### Material provided
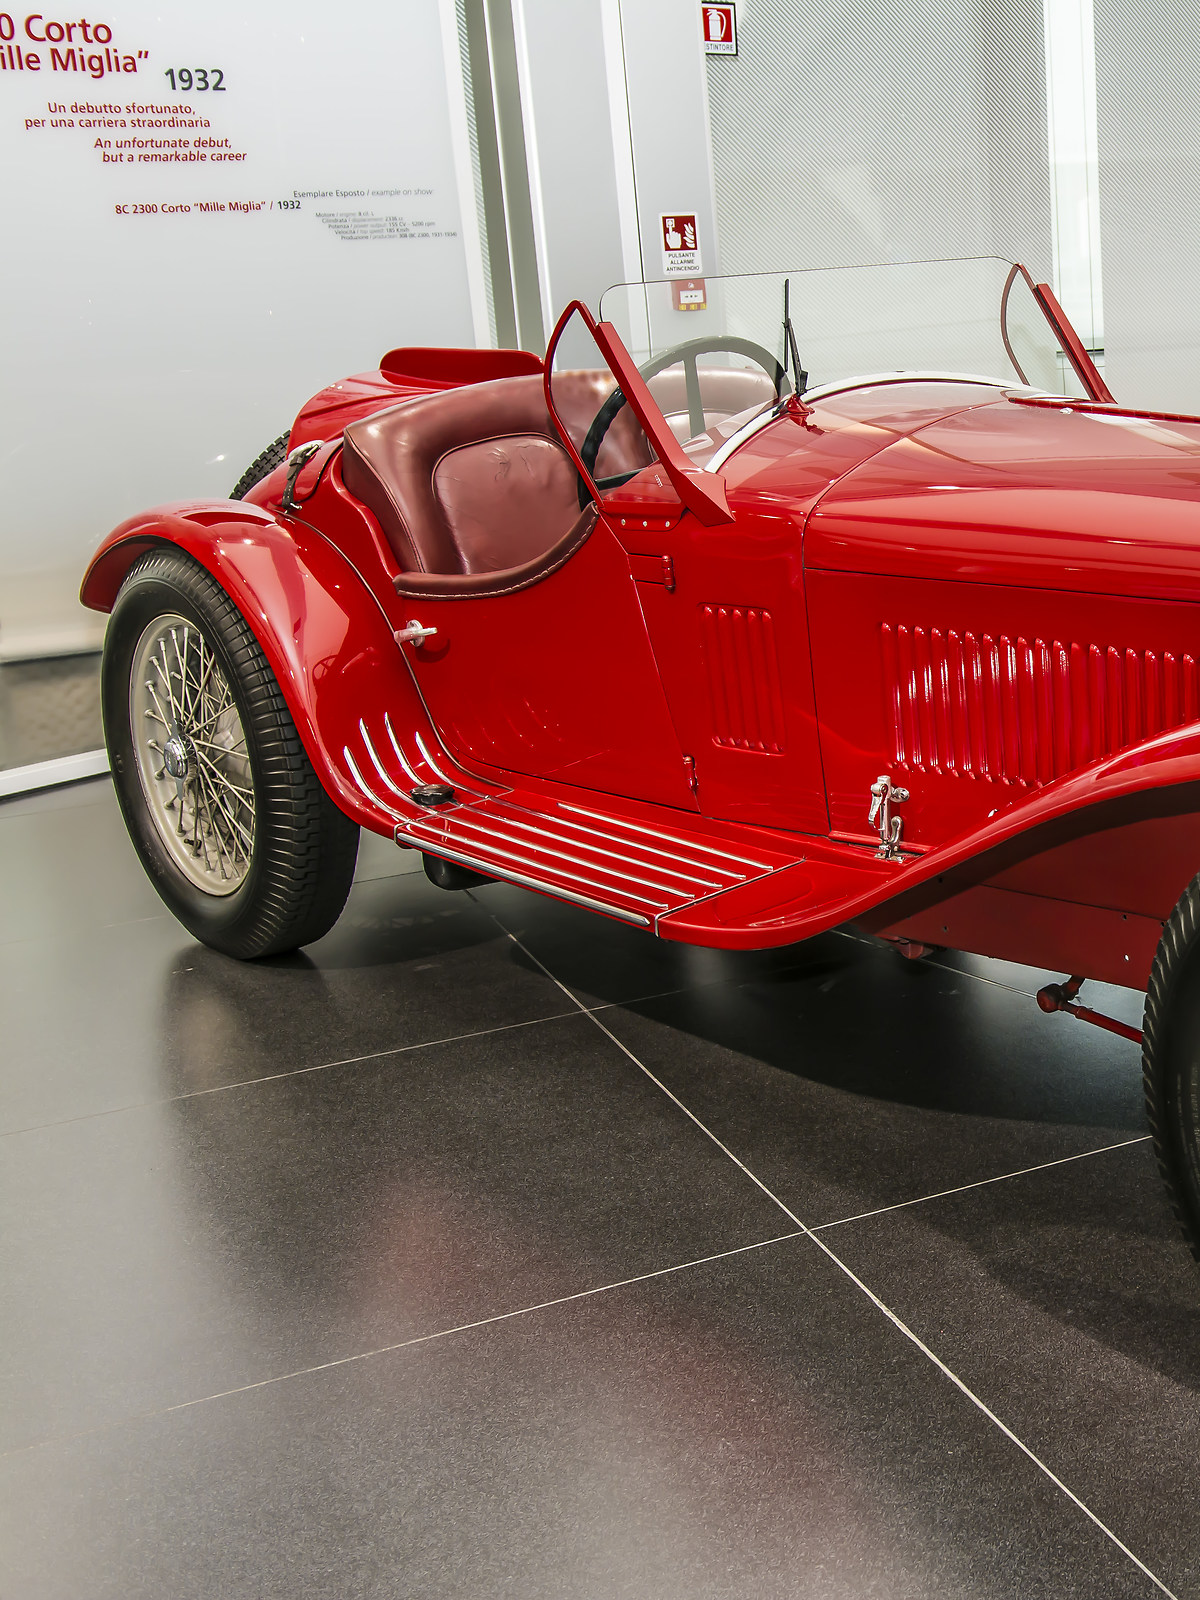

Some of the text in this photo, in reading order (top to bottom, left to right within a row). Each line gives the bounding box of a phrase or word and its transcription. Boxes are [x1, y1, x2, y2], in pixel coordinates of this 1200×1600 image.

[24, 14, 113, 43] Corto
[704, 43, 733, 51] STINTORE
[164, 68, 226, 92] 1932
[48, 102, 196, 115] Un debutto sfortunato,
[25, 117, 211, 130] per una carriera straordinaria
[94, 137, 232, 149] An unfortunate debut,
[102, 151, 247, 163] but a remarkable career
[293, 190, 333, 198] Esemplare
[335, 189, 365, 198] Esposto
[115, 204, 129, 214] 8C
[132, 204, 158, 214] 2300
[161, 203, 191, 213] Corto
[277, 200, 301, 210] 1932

### Your instructions
Return the whole of the material above exactly, with no picture carried over.

### Completed task
Some of the text in this photo, in reading order (top to bottom, left to right within a row). Each line gives the bounding box of a phrase or word and its transcription. Boxes are [x1, y1, x2, y2], in pixel coordinates of this 1200×1600 image.

[24, 14, 113, 43] Corto
[704, 43, 733, 51] STINTORE
[164, 68, 226, 92] 1932
[48, 102, 196, 115] Un debutto sfortunato,
[25, 117, 211, 130] per una carriera straordinaria
[94, 137, 232, 149] An unfortunate debut,
[102, 151, 247, 163] but a remarkable career
[293, 190, 333, 198] Esemplare
[335, 189, 365, 198] Esposto
[115, 204, 129, 214] 8C
[132, 204, 158, 214] 2300
[161, 203, 191, 213] Corto
[277, 200, 301, 210] 1932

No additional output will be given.